Like Alexa, both Google Assistant and Siri go beyond their own built-in productivity functions and give users access to thousands of third-party voice apps. (Alexa dominates with over 100,000.) Siri and Google Assistant call them “actions,” while Alexa calls them “skills.” Either way, users can link them together to set up “routines,” which enable multiple tasks using a single command.
For publishers, understanding and making use of these capabilities presents a unique opportunity to become part of their audiences’ daily routine. The Flash Briefing skill on Alexa and the Narrative News action for Google Assistant, for instance, allow the publisher to deliver preprogrammed updates as part of the user’s news roundup. “By publishing short-form daily content on these platforms,” Reed explains, “brands can connect to consumers and weave their way into daily content consumption, becoming a consistent source of news, information, advice or inspiration. By reducing the number of commands required to activate multiple skills, routines can also improve retention, which is often an issue in the voice space.”
Since voice interfaces began, human-like conversation has been the North Star guiding developers, and the field of “conversational AI” is starting to deliver on the promise of human parity—understanding what’s being said about as well as a human does.
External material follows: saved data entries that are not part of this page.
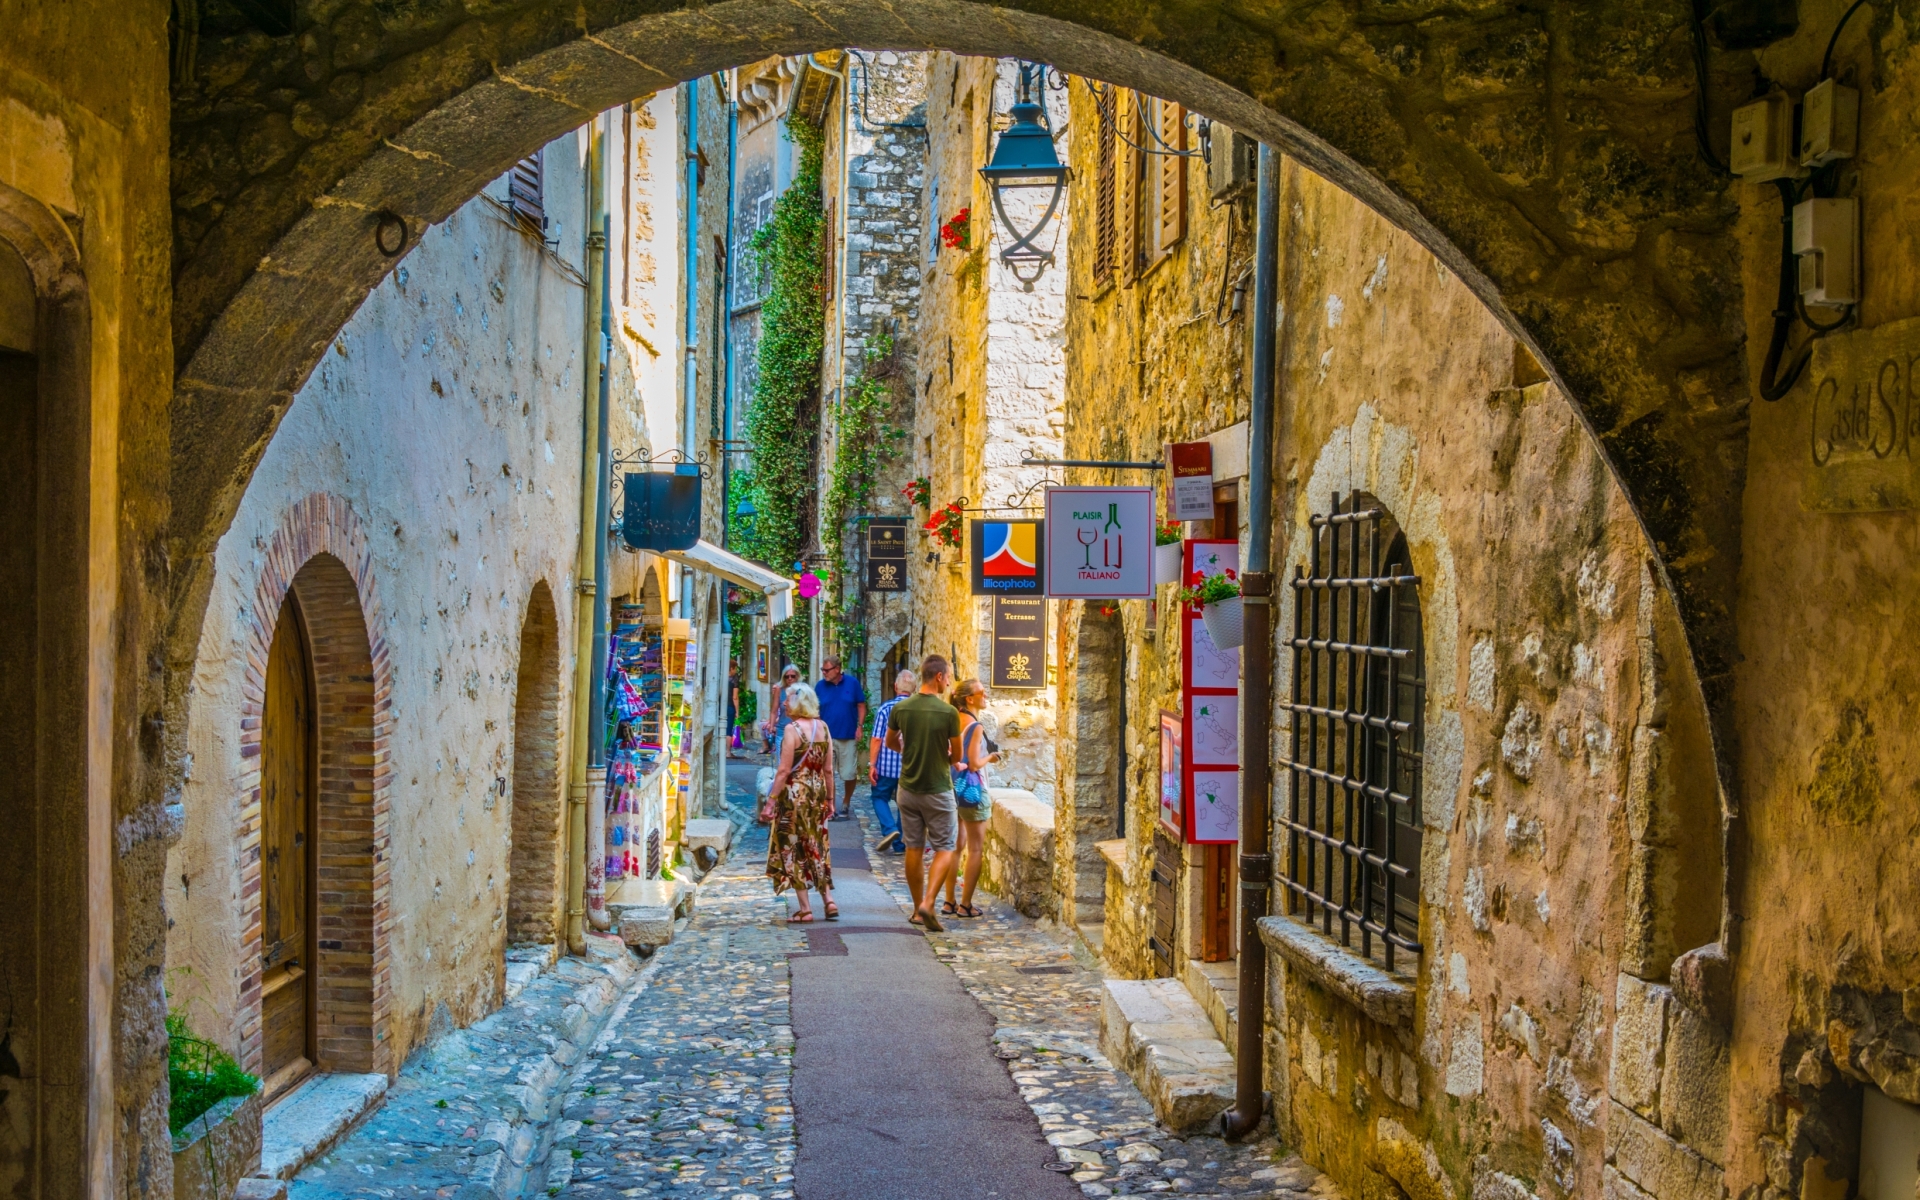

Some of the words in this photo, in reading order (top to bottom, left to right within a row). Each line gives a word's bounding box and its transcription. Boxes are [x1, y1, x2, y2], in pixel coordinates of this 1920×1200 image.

[1811, 377, 1872, 468] Castel
[1178, 465, 1207, 474] STEMMARI
[1072, 511, 1103, 520] PLAISIR
[1078, 571, 1121, 580] ITALIANO
[983, 578, 1036, 590] illicophoto
[1000, 597, 1041, 606] Restaurant
[1004, 612, 1036, 621] Terrasse
One of the aims of conversational AI is to handle a conversation involving multiple back-and-forth exchanges, in which the program can continuously learn from previous voice-based interactions.
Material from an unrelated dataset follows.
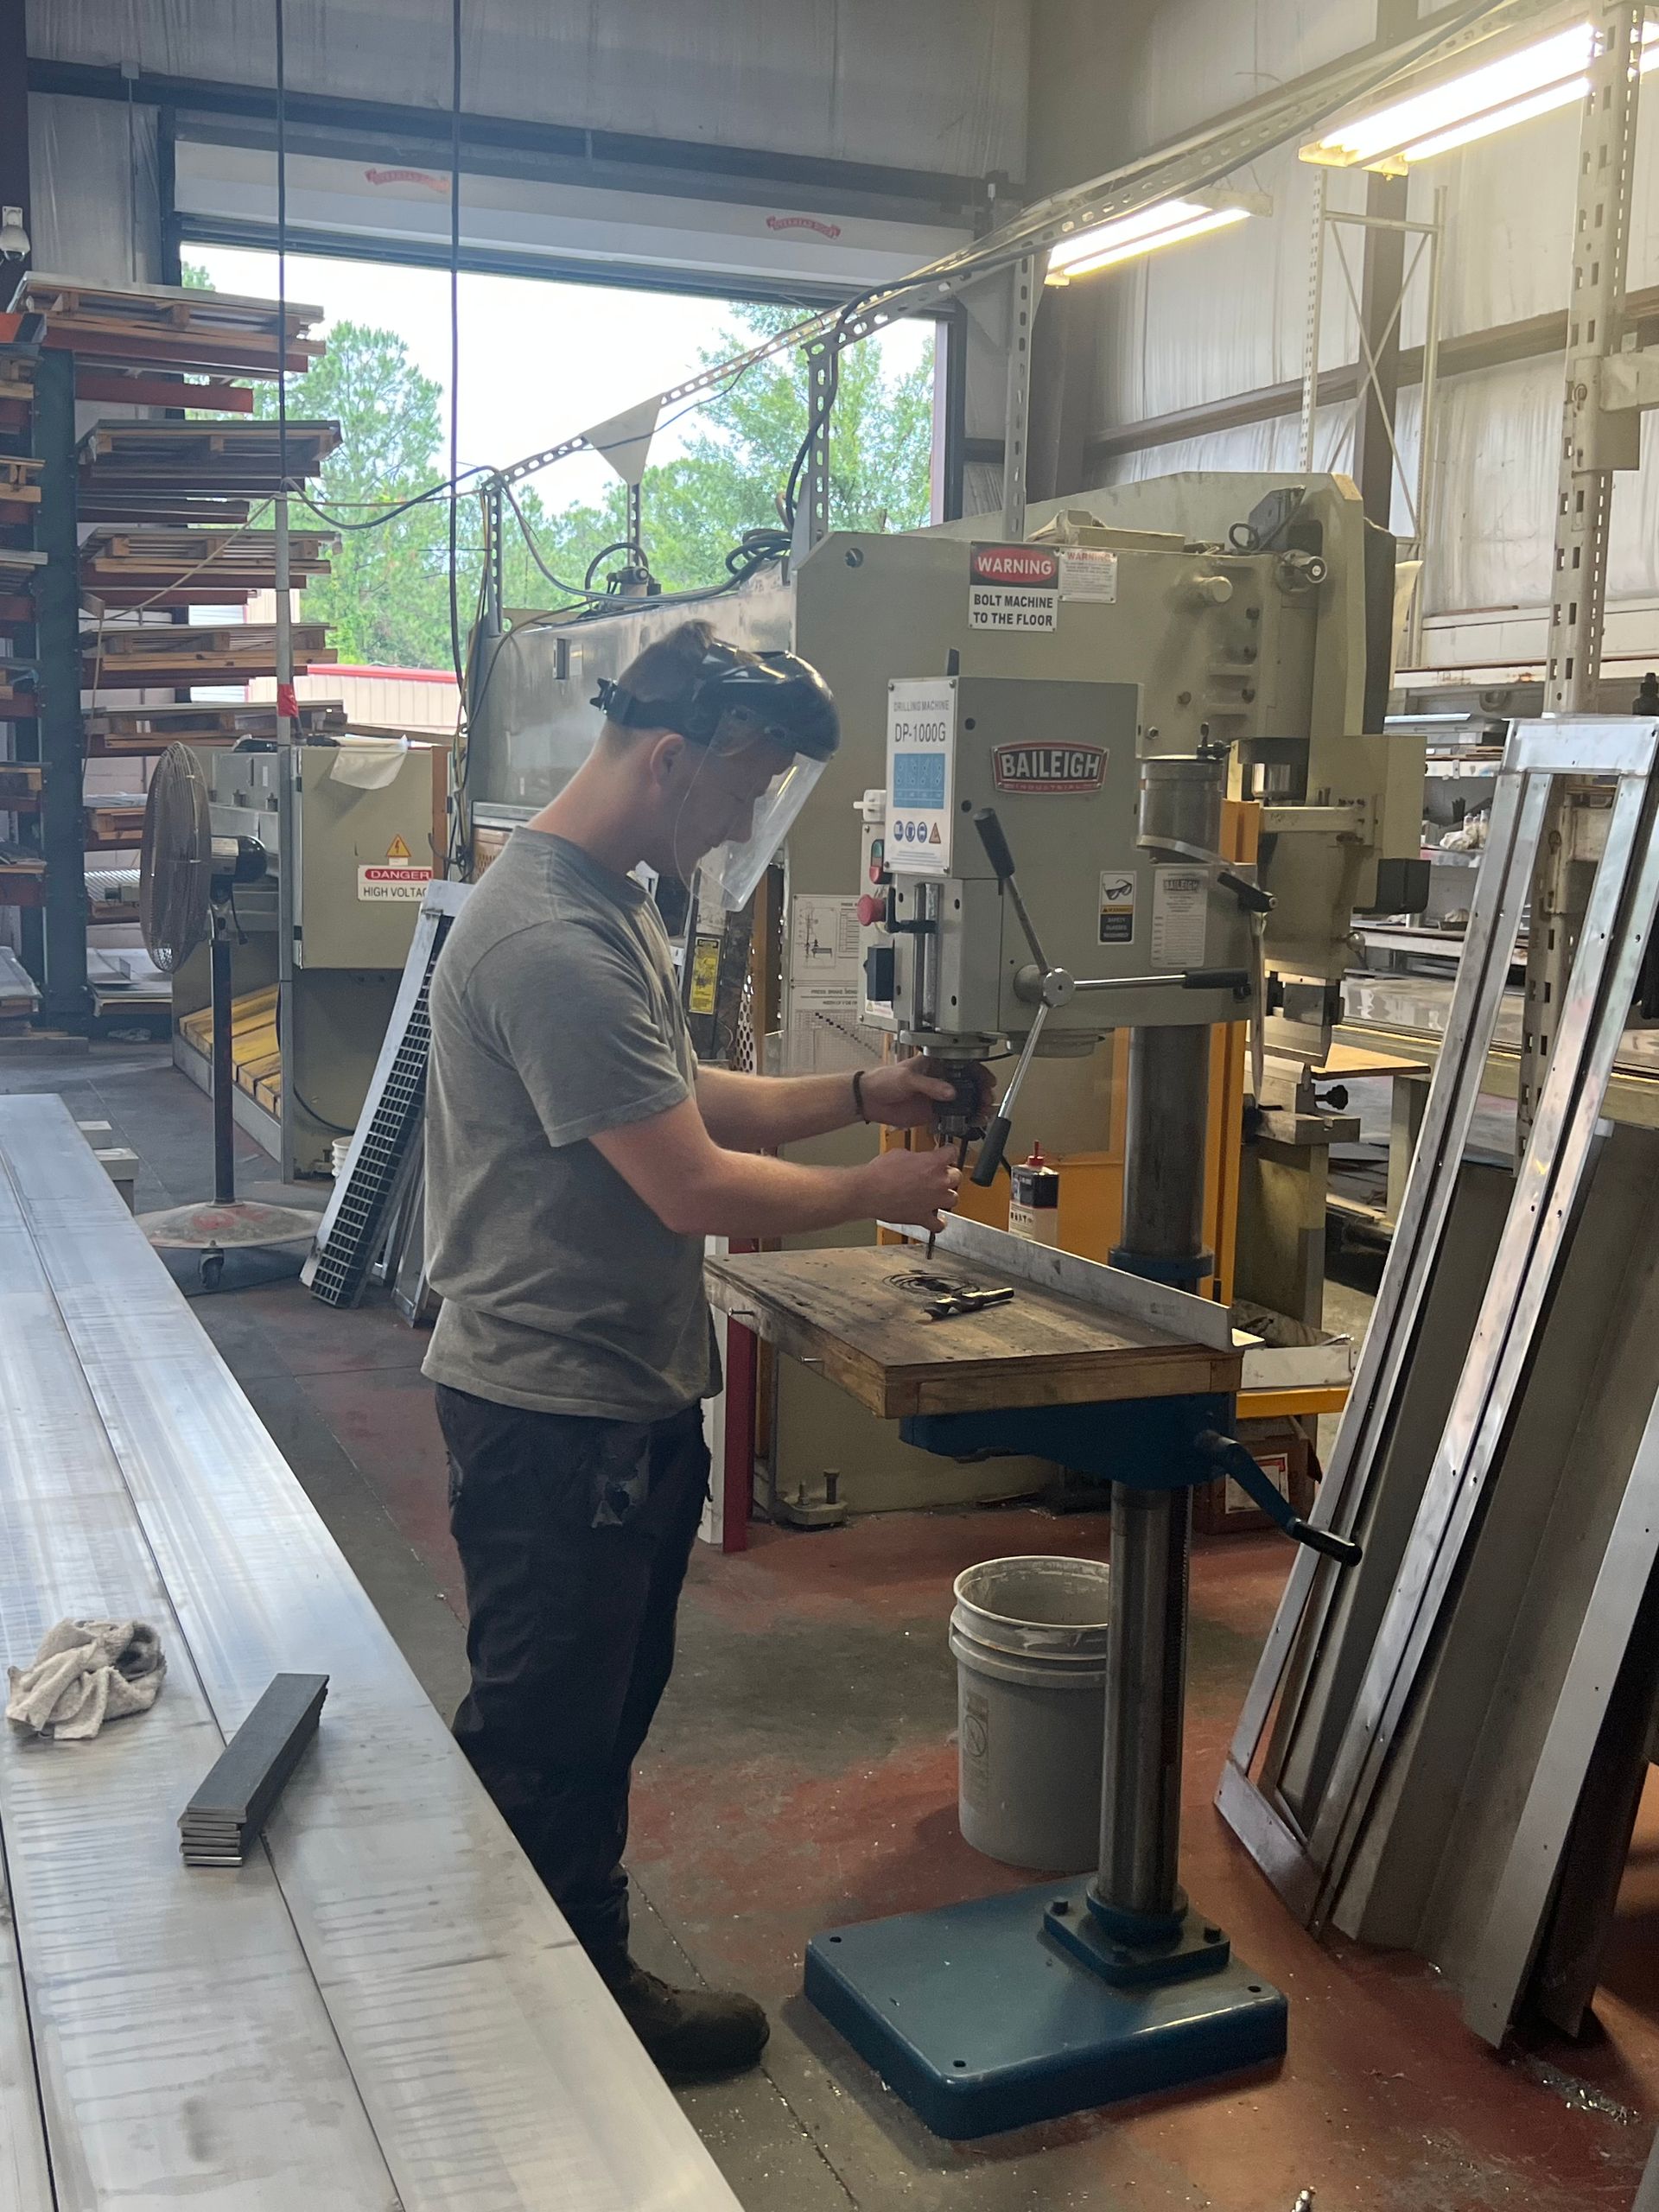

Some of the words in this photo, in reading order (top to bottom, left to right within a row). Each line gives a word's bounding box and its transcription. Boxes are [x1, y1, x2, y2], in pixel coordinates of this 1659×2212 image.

Google has claimed that Meena, its multi-domain chatbot or conversational agent, has reached near human parity and is able to address virtually anything its human counterpart wants to discuss (which is what makes it “multi-domain”). By putting conversation at the center of a new skills kit, Amazon’s Alexa Conversations leverages a deep learning-based approach that facilitates multi-turn conversations within a single skill, with the goal to bring multiple skills within a single conversation.
As Meena and Alexa hone their conversation skills, one of the next challenges will be interoperability. Today, devices that work with Alexa rarely speak to devices that work with Google Assistant, and hardly anyone speaks to Siri. Interoperability would mean that a single or predominating connectivity standard would work seamlessly across the entire ecosystem of smart devices, regardless of manufacturer or device function. Project Connected Home over IP, recently introduced by Amazon, Google and Apple, will focus on home automation systems but will also help serve as a blueprint for interoperability over the rest of the Internet of Things.
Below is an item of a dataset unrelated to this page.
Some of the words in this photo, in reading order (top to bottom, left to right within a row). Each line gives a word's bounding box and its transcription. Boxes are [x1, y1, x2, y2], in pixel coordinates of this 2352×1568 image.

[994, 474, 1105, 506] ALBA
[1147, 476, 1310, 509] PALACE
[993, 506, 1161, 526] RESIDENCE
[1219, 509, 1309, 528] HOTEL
“This is much bigger than the rise of smart speakers, and it’s not just technology for technology’s sake,” observes Reed. “Voice is replacing the way we interact with our homes, our workplaces and with each other. And it makes sense—speaking is a much more natural form of communication than typing, texting or swiping. Soon, the ability to converse with all of the technology that surrounds us will become the norm.”
Ultimately, the goal of all technology is to make us more efficient, to make it so we’re able to do more with fewer resources, or to squeeze more into our increasingly busy lives. For years we’ve let our fingers do the talking. But when you consider the average person can talk nearly four times faster than they can type, you can understand how voice speaks to the one thing we all value most—our time.